The Government will raise public salaries and pensions according to the CPI until 2024 and the deficit and debt worsens




The recovery predicted by the Government this year is delayed and this will have an impact on public finances, which will be considerably worse than originally anticipated. The Executive sent the Stability Program to Brussels yesterday, worsening its growth, deficit and public debt forecasts for 2021, before a year in which it will grow less and spend more. The Minister of Finance, María Jesús Montero, presented yesterday the update of the fiscal path from 2021 to 2024 and, if before she foresaw 7.7% of the GDP of public deficit, now this rises to 8.4%, that is, about 8,000 million euros more. A figure similar to 7,972 million that the Executive believes will cost the extension of the ERTE and the provision for cessation of activity in 2021,
as stated in the National Reform Plan.

All this, at a time when the Executive rushed until the last moment yesterday to send the Recovery and Resilience Plan to Brussels, a few days before the Madrid elections.In this way, the Government yesterday sent a plan without detailed reforms. , without references to the return of ultra-activity in the labor framework or to the limitation of rental prices committed to Podemos, but with the provision that will raise payrolls to civil servants and pensioners according to the CPI from 2022 to 2024, a few days after the meeting with the polls.

«As of 2022 and thereafter, an iSalary increase for public employees and pensions in line with price trends», Says the Stability Program. With these estimates, Spain will no longer meet the 3% limit of the Stability Pact this legislature, since the Treasury estimates that the lag will be 5% in 2022, 4% in 2023, to drop to 3.2% in 2024. The European Commission, yes, has suspended the fiscal rules for 2020, 2021 and is now debating whether to extend it to 2022 while Montero herself opened the door for Europe to review the rules prior to the pandemic.

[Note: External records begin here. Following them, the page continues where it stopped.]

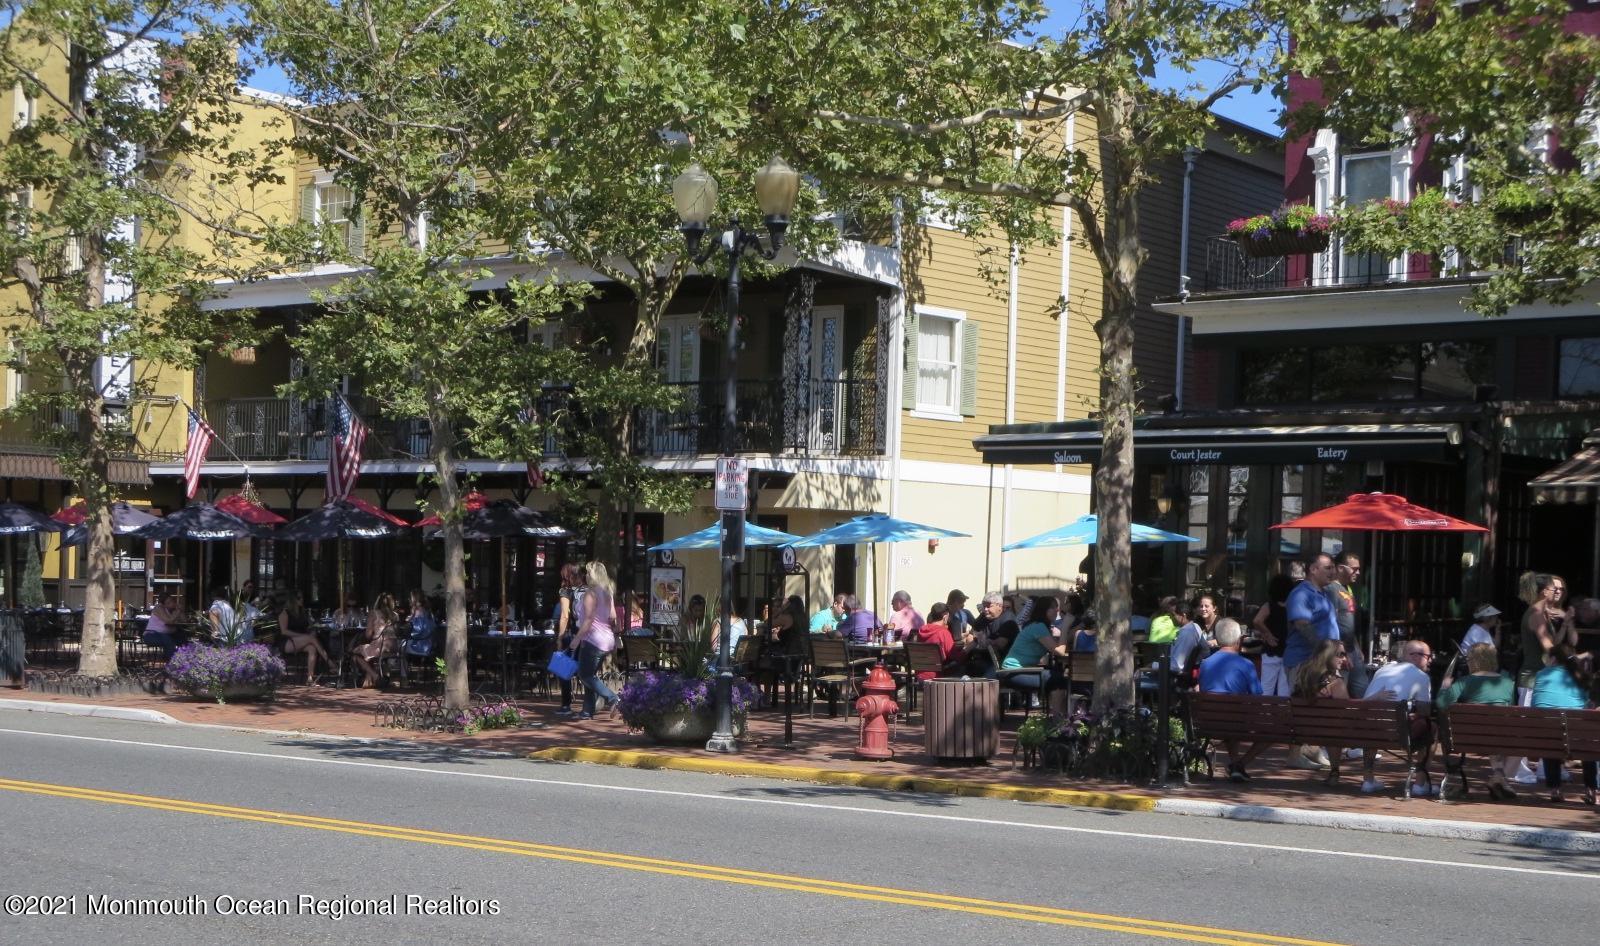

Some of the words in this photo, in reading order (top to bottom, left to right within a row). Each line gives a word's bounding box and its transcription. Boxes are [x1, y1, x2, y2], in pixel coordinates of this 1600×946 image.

[1054, 450, 1082, 462] Saloon
[1170, 449, 1195, 460] Court
[1195, 449, 1222, 462] Jester
[1317, 447, 1348, 461] Eatery
[726, 461, 738, 470] NO
[718, 472, 745, 482] PARKING
[725, 484, 739, 492] THIS
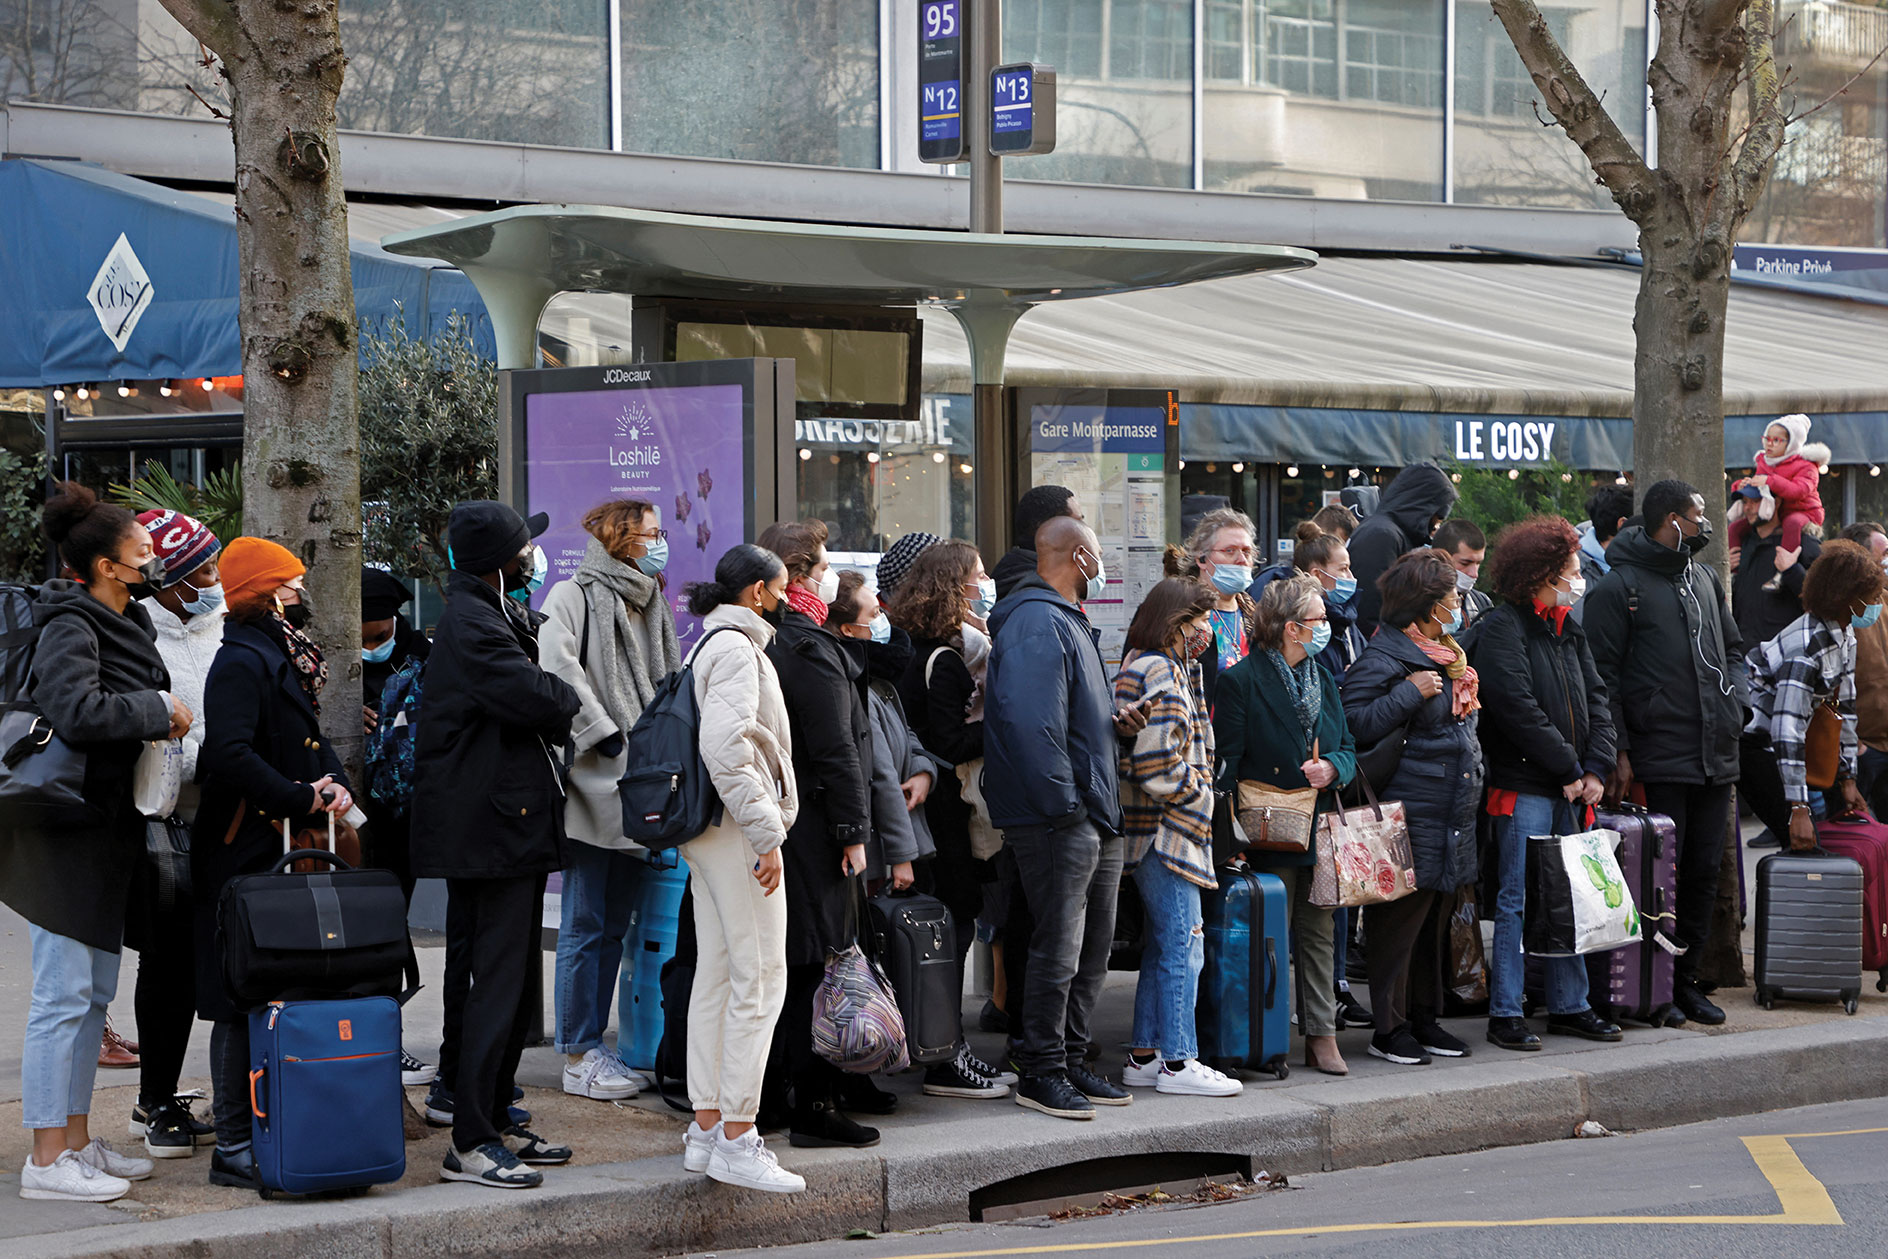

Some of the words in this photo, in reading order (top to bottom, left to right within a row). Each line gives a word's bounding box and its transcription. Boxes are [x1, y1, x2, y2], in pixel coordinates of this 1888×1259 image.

[927, 4, 955, 37] 95
[996, 76, 1029, 101] N13
[925, 87, 957, 111] N12
[1756, 257, 1800, 275] Parking
[603, 369, 652, 384] JCDecaux
[1040, 421, 1069, 438] Gare
[1072, 421, 1157, 441] Montparnasse
[1455, 421, 1484, 460] LE
[1491, 421, 1555, 461] COSY
[621, 471, 650, 479] BEAUTY
[562, 549, 585, 557] FORMULE
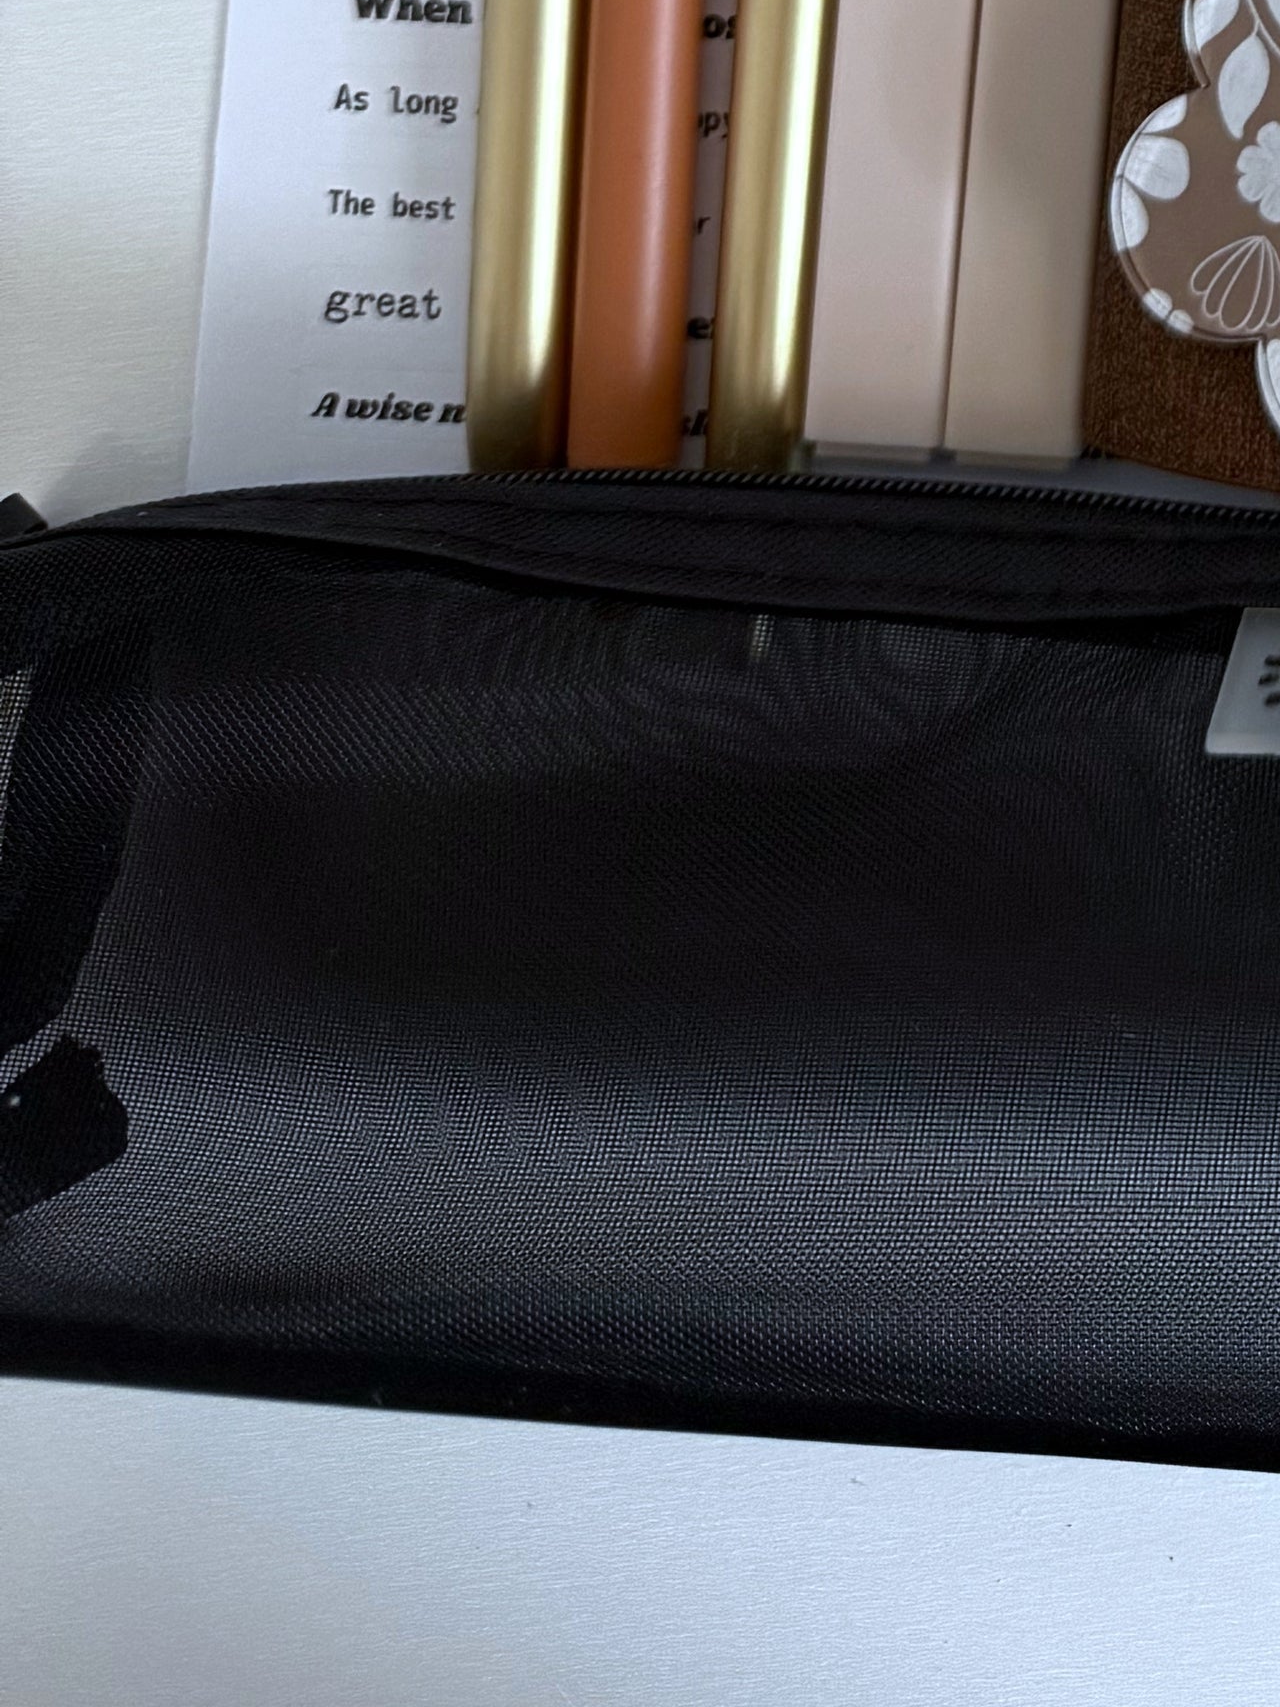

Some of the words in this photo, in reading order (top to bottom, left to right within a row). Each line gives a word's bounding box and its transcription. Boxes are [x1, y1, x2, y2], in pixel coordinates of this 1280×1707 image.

Regarding the public debt, the Government spokesperson also announced that the Executive expects public debt to fall from 120% of GDP to 119.5% in 2021. The Executive expected 117.4%, but when including Sareb's assets in 2020, public liabilities jumped from 117% to 120%, which thwarted its previous estimates. For 2022, it predicts 115.1% and 113.5% in 2023, so that the path would continue to decrease to 112.1% in 2024.

In the words of Montero, after closing 2020 at 10.97% of GDP, this would be the second largest drop in the deficit in the historical series in a year, mainly driven by the growth of the economy. The extension of the ERTE and the approval of direct aid to companies and more support measures, for 11,000 million, explain this worsening, together with the fact that the economy will grow less than the 9.8% forecast in October by the Government.

Of course, the path does not incorporate any measure or reform. Therefore, it is a string of forecasts in an inertial scenario. Funcas senior economist María Jesús Fernández believes that the forecast for 2021 is "somewhat high." “Our forecast was -8 and I highly doubt that we will make it worse. But I do not see that scenario of large declines. The deficit I do not think that it will drop from 4.5-5% in the long run, if measures are not taken, much less will it drop to 3.2% by 2024 in an inertial scenario, having a greater structural deficit ”, he describes. The IMF predicted a deficit of 9% of GDP this year, 5.8% in 2022 so that in 2024 it did not drop below 4.3%.

The minister also pointed out that she expects European funds to start arriving from July. It is estimated that then 9,000 million may arrive, although the Executive had reserved 27,000 in the accounts for this year.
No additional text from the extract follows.